[DATA FOR THE TASK Boundary: Start]
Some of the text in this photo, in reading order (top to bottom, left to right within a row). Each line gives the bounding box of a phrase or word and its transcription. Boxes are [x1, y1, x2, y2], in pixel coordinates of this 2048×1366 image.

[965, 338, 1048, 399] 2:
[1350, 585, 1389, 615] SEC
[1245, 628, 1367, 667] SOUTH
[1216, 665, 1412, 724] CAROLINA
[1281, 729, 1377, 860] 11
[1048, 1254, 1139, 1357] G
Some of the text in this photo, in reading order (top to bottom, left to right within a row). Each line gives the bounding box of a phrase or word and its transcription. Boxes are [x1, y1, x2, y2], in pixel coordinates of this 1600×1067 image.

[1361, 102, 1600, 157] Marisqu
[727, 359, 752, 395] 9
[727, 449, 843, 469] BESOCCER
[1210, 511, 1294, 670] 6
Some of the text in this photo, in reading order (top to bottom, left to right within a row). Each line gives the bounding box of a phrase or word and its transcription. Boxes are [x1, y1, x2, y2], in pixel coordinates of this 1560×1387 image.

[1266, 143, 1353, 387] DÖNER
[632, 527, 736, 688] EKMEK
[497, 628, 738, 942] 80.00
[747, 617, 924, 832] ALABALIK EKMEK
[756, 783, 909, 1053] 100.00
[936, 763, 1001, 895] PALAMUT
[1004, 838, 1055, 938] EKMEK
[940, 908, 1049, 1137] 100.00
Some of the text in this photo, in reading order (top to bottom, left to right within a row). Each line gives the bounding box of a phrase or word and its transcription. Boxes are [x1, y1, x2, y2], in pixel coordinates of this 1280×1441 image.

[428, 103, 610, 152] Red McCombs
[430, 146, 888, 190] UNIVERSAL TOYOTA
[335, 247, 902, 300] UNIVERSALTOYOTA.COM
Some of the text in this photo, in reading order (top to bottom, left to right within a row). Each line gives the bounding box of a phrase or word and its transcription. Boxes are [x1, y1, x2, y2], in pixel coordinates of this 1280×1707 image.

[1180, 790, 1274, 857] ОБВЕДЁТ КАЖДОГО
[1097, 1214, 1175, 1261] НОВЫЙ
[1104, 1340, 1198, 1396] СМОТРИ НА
[DATA FOR THE TASK Boundary: End]
▶ **DESCRIPTION OF THE TASK**: Take the entries above and return all of them exactly.

▶ **RESULT OF THE EXERCISE**:
Some of the text in this photo, in reading order (top to bottom, left to right within a row). Each line gives the bounding box of a phrase or word and its transcription. Boxes are [x1, y1, x2, y2], in pixel coordinates of this 2048×1366 image.

[965, 338, 1048, 399] 2:
[1350, 585, 1389, 615] SEC
[1245, 628, 1367, 667] SOUTH
[1216, 665, 1412, 724] CAROLINA
[1281, 729, 1377, 860] 11
[1048, 1254, 1139, 1357] G
Some of the text in this photo, in reading order (top to bottom, left to right within a row). Each line gives the bounding box of a phrase or word and its transcription. Boxes are [x1, y1, x2, y2], in pixel coordinates of this 1600×1067 image.

[1361, 102, 1600, 157] Marisqu
[727, 359, 752, 395] 9
[727, 449, 843, 469] BESOCCER
[1210, 511, 1294, 670] 6
Some of the text in this photo, in reading order (top to bottom, left to right within a row). Each line gives the bounding box of a phrase or word and its transcription. Boxes are [x1, y1, x2, y2], in pixel coordinates of this 1560×1387 image.

[1266, 143, 1353, 387] DÖNER
[632, 527, 736, 688] EKMEK
[497, 628, 738, 942] 80.00
[747, 617, 924, 832] ALABALIK EKMEK
[756, 783, 909, 1053] 100.00
[936, 763, 1001, 895] PALAMUT
[1004, 838, 1055, 938] EKMEK
[940, 908, 1049, 1137] 100.00
Some of the text in this photo, in reading order (top to bottom, left to right within a row). Each line gives the bounding box of a phrase or word and its transcription. Boxes are [x1, y1, x2, y2], in pixel coordinates of this 1280×1441 image.

[428, 103, 610, 152] Red McCombs
[430, 146, 888, 190] UNIVERSAL TOYOTA
[335, 247, 902, 300] UNIVERSALTOYOTA.COM
Some of the text in this photo, in reading order (top to bottom, left to right within a row). Each line gives the bounding box of a phrase or word and its transcription. Boxes are [x1, y1, x2, y2], in pixel coordinates of this 1280×1707 image.

[1180, 790, 1274, 857] ОБВЕДЁТ КАЖДОГО
[1097, 1214, 1175, 1261] НОВЫЙ
[1104, 1340, 1198, 1396] СМОТРИ НА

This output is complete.